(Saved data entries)
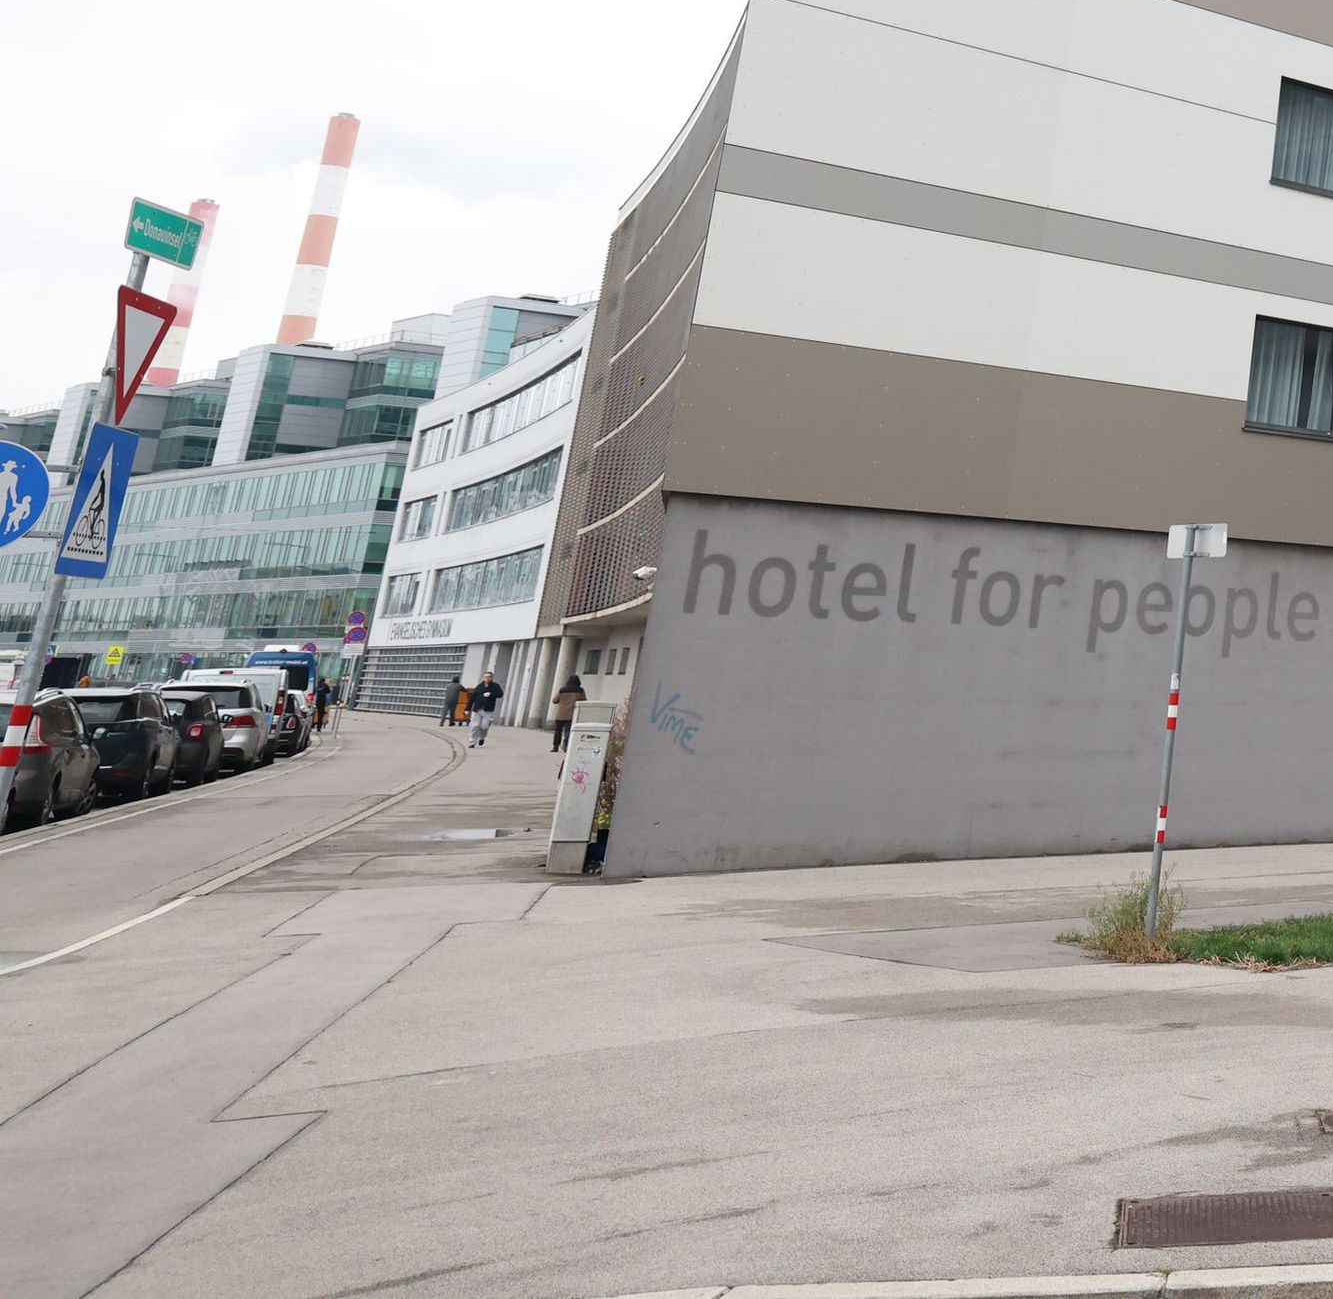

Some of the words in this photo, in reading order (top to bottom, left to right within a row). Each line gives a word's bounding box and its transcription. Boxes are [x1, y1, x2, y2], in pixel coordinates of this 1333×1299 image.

[143, 218, 183, 249] Donauinsel
[682, 528, 918, 623] hotel
[950, 546, 1066, 629] for
[1086, 571, 1320, 658] people

* **Work request**: Each record above needs to be copied exactly, with images left out.

* **Reply to the exercise**:
Some of the words in this photo, in reading order (top to bottom, left to right within a row). Each line gives a word's bounding box and its transcription. Boxes are [x1, y1, x2, y2], in pixel coordinates of this 1333×1299 image.

[143, 218, 183, 249] Donauinsel
[682, 528, 918, 623] hotel
[950, 546, 1066, 629] for
[1086, 571, 1320, 658] people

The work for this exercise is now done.